++++ Data excerpts ++++
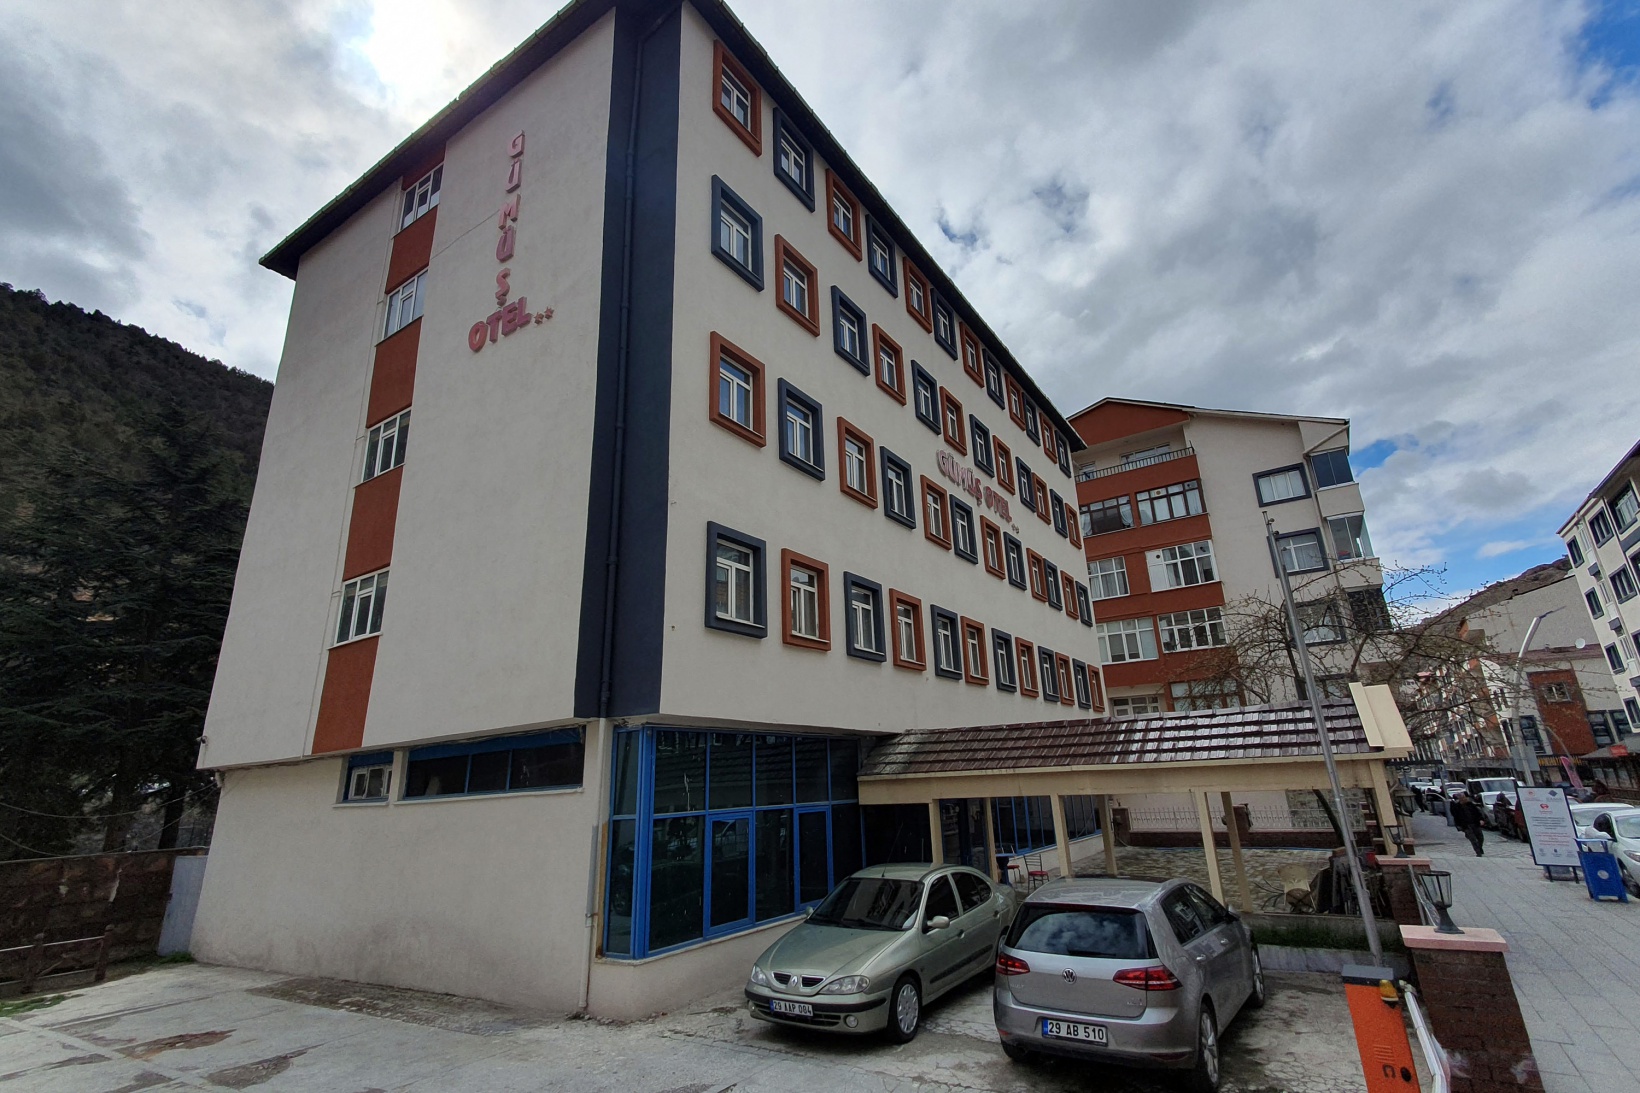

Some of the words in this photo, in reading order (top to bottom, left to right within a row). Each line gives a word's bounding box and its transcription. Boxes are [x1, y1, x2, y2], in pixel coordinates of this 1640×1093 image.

[468, 296, 532, 353] OTEL
[983, 485, 1012, 523] OTEL
[773, 1000, 782, 1010] 29
[784, 1002, 796, 1013] AAP
[798, 1004, 812, 1015] 084
[1048, 1022, 1061, 1034] 29
[1066, 1024, 1079, 1036] AB
[1084, 1026, 1104, 1040] 510
++++
* [Task directions]:
The entries above are to be repeated in full, except for their pictures.

* [Answer below]:
Some of the words in this photo, in reading order (top to bottom, left to right within a row). Each line gives a word's bounding box and its transcription. Boxes are [x1, y1, x2, y2], in pixel coordinates of this 1640×1093 image.

[468, 296, 532, 353] OTEL
[983, 485, 1012, 523] OTEL
[773, 1000, 782, 1010] 29
[784, 1002, 796, 1013] AAP
[798, 1004, 812, 1015] 084
[1048, 1022, 1061, 1034] 29
[1066, 1024, 1079, 1036] AB
[1084, 1026, 1104, 1040] 510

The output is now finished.